Yeah. Yeah. But I I I gotta get it's not a chameleon. It's a different kind of lizard. Okay.
So Okay. Alright. That's what I'll say for now.
Okay. Alright. And we will wait anxiously to
hear more. At some point in 2026, I'll Yeah. I can't give it all away today. Okay?
Oh, gosh.
I'm sorry. Go ahead. So
okay. So I think we we are gonna actually move into some self compassion and some tools, but I think one last tool in terms of the hopelessness and hope conversation is, you know, if you're able to ask yourself, what what do you need in that moment? Is it is it some an actual physical hug from someone? Is it a phone call, or do you need a solution? Do you need a fix?
Do you need more support from your endo? Do you need more support from how to change your rates? You know, just being able to ask yourself, okay. I'm really feeling stuck, but what is it that I need? And sometimes hard to identify what you need in that moment.
Yeah.
And it might take a couple tries to say, maybe I need this. Maybe I need that.
Yeah. No. I I hope I hope everybody finds that answer. But okay. Move move please move on.
Okay. Yes. Let's move on. So when you are experiencing hopelessness, believing that someday you will feel hope again, practicing that blind faith, recognizing that I think it's important to recognize that self compassion and gratitude go hand in hand. And perhaps I don't know if I've said this quote before in previous episodes, but this is one of my favorites in the book is we cannot hate ourselves into becoming what we will be grateful for someday.

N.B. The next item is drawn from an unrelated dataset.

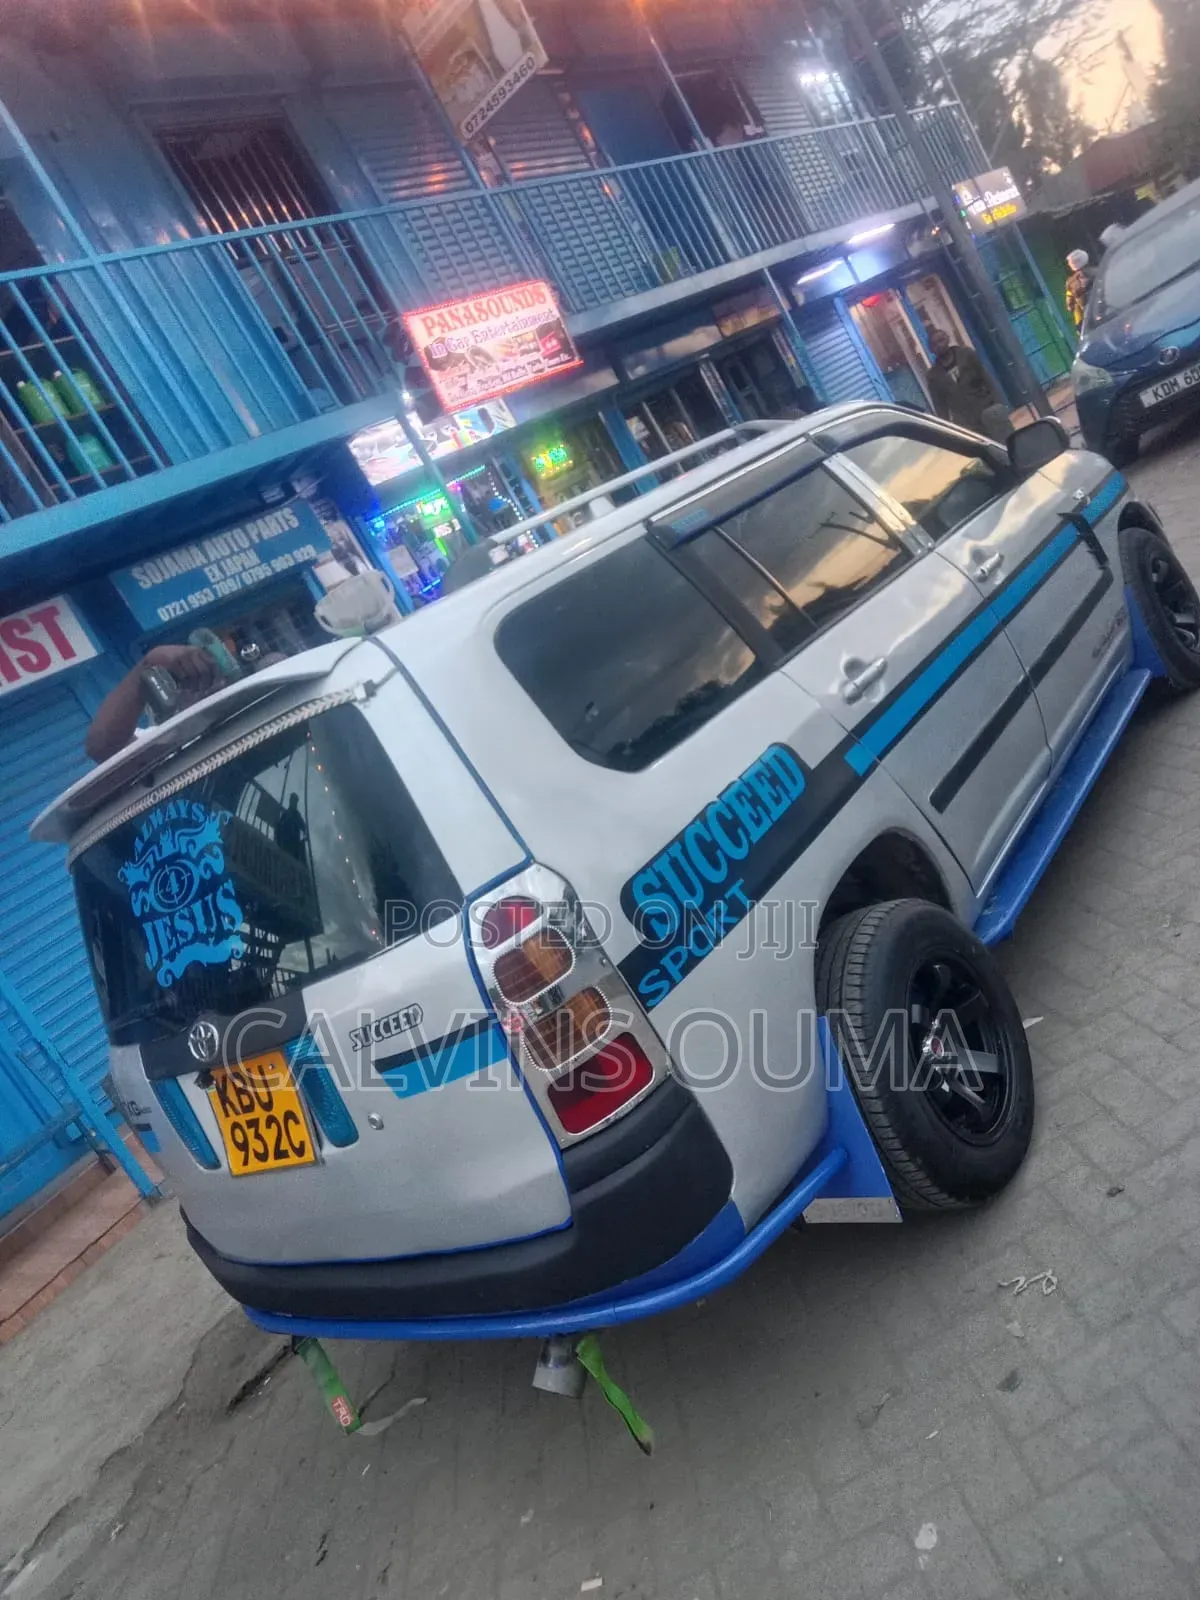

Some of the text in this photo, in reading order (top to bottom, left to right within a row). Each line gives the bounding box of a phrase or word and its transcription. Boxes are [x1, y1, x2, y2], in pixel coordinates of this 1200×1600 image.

Right? That is shame. And we often feel like shame can move us, but it keeps us trapped. So switching that and thinking for this diabetes example, if you're looking at your numbers, right, and you're saying, okay. My numbers are higher today than I want them to be, or I miss bolus whatever for this meal.
That's okay. I'm allowed to be flawed. I'm allowed to be human, and I'm grateful that I have the ability to make a correction now or next time. Right? So this is obviously, we're gonna we wanna look at patterns, and we need to make shifts.
But this is you know, if you're noticing that you're experiencing the shame and, like, why why can't I get this? Why can't I figure this out? Why do I keep messing up? Going back to not only the self compassion, but trying to integrate moments of that gratitude too. Like, okay.
I messed up. It's okay. I'm gonna make I'm gonna make a I'm grateful that I can make this correction now. I can do something different next time. That leads us to the final stage, body trust, which is a reminder, the definition is in order to trust our bodies, our body needs to trust us to take care of it, be kind to it, and nourish it in all ways.
So, again, body trust is not this final destination that we're trying to reach, but something that we want to kind of practice and integrate as you're moving through these stages. Body trust is something that is innate, but we kind of skip over that. Like, we for when we're hungry, we our body gives us this cue, and it growls. But oftentimes, instead of, you know, having being able to have a meal and sit down and enjoy it, we'll grab a a bar and run. I know that's not always practical to be able to do that, but just we're talking about, like, consistently maybe ignoring
Mhmm.
These cues. Maybe you're you're sleepy every afternoon, and we just you know, instead of taking a nap, you drink your third cup of coffee, which I can be certainly guilty of. Right? So instead of taking a nap, resting, listening to your body, we're kind of pushing through those cues. Practicing body trust can be intuitive, but oftentimes we get so consumed by this by societal pressure, by our kind of culture that that your that your body is defective, right, when we're when we're diagnosed with something.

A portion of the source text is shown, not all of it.